Aside from good preventive measures, there are several treatment options for ectopic pregnancy. The treatment of ectopic pregnancy currently has multiple choices, which depend on the reproductive requirements, size and location of the ectopic pregnancy, and the patient's physical condition.
For unmarried individuals, the principle should be to preserve their fertility as much as possible under the premise of saving the patient's life and avoid performing sterilization surgery.
1. Medical treatment for ectopic pregnancy involves the use of medications to kill the embryo, allowing it to be absorbed by the body and eliminating the need for surgery.
If it is definitely a ectopic pregnancy and the embryo is relatively small, hCG is not very high, the doctor may give the pregnant woman methotrexate (MTX) and other anticancer drugs to kill the embryo.

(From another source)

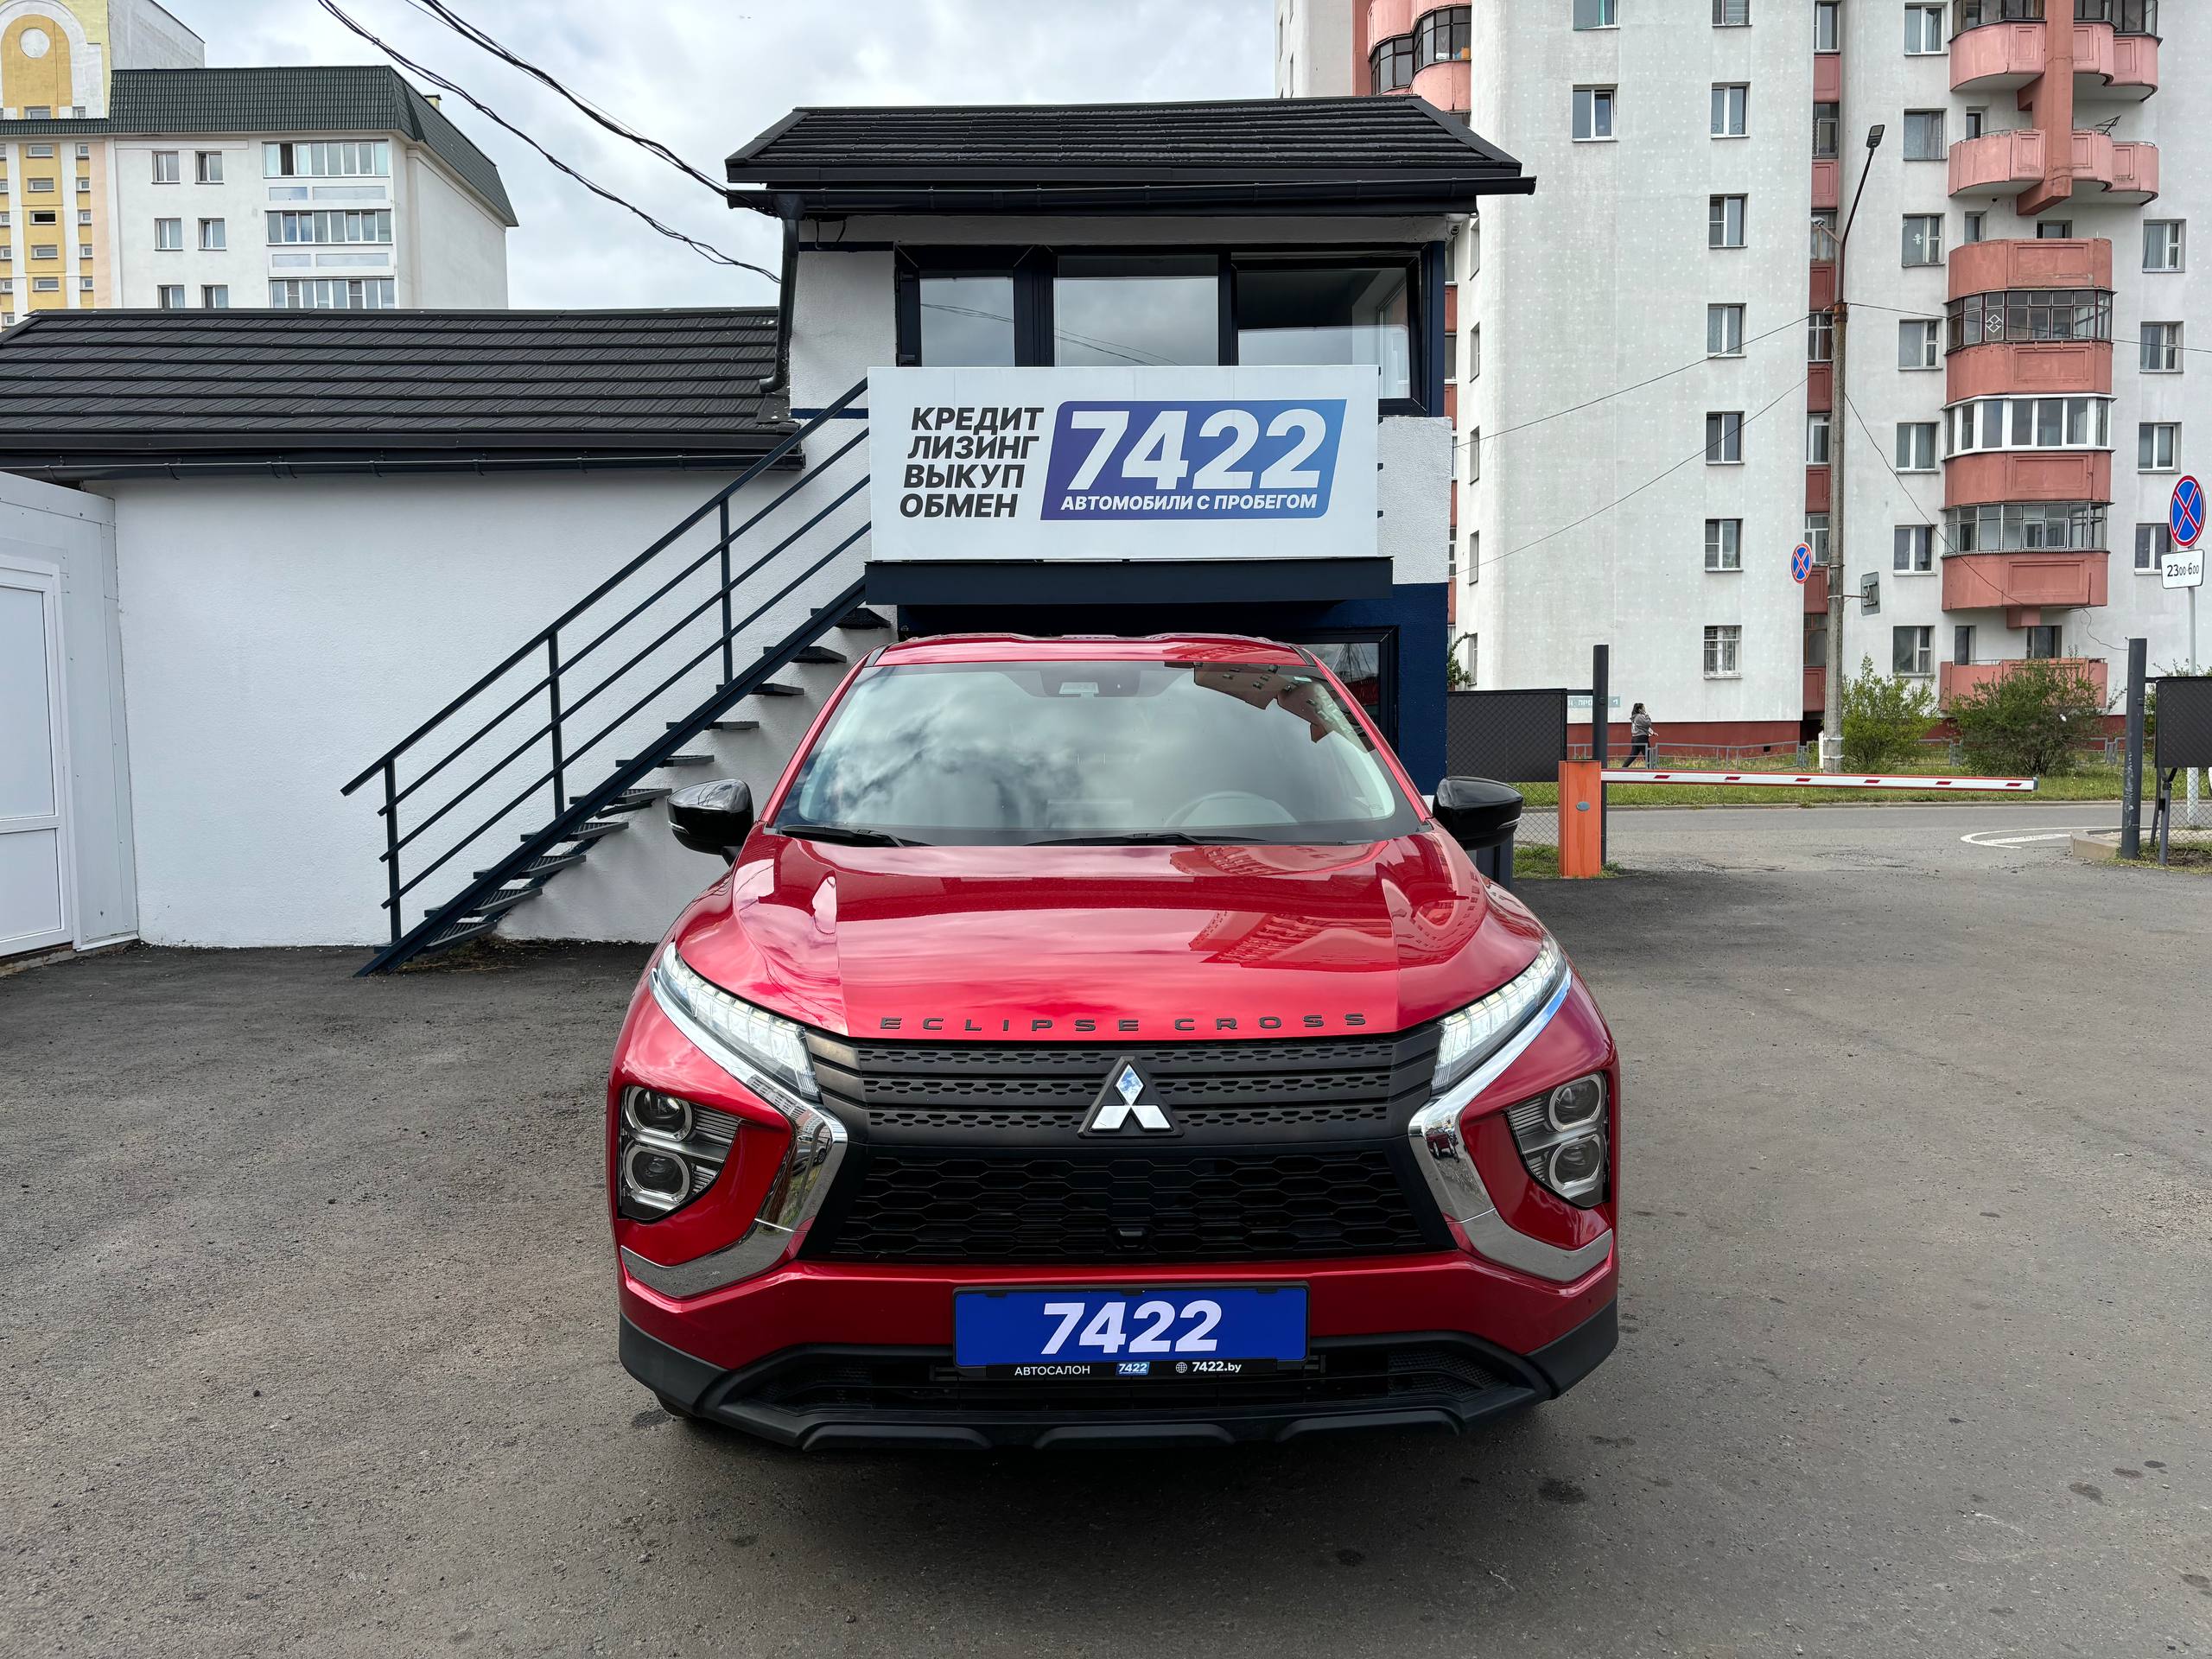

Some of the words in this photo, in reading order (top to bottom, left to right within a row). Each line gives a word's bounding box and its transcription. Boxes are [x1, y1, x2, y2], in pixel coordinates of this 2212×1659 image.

Methotrexate is administered by intramuscular injection, reaching the embryo via blood circulation and inhibiting cell and placental growth to terminate an ectopic pregnancy.
After a period of time, such very small embryos can be absorbed by the body.
The medication may start to take effect at some time during pregnancy, and this may cause some abdominal cramping or bloating, along with possible nausea, vomiting, or diarrhea.
During the medication period, there are many precautions to take: pregnant women should avoid drinking alcohol and having sexual intercourse, and also avoid taking multivitamins or supplements containing folic acid because these substances can affect the effect of amethopterin.
A blood test for human chorionic gonadotropin is still required to determine whether the embryo of an ectopic pregnancy has ultimately died.
Due to the inherent limitations of pharmacological treatment, one potential drawback is that if the medication fails to eradicate the embryo, it could cause the embryo to grow larger and potentially lead to rupture of the fallopian tubes with significant hemorrhage.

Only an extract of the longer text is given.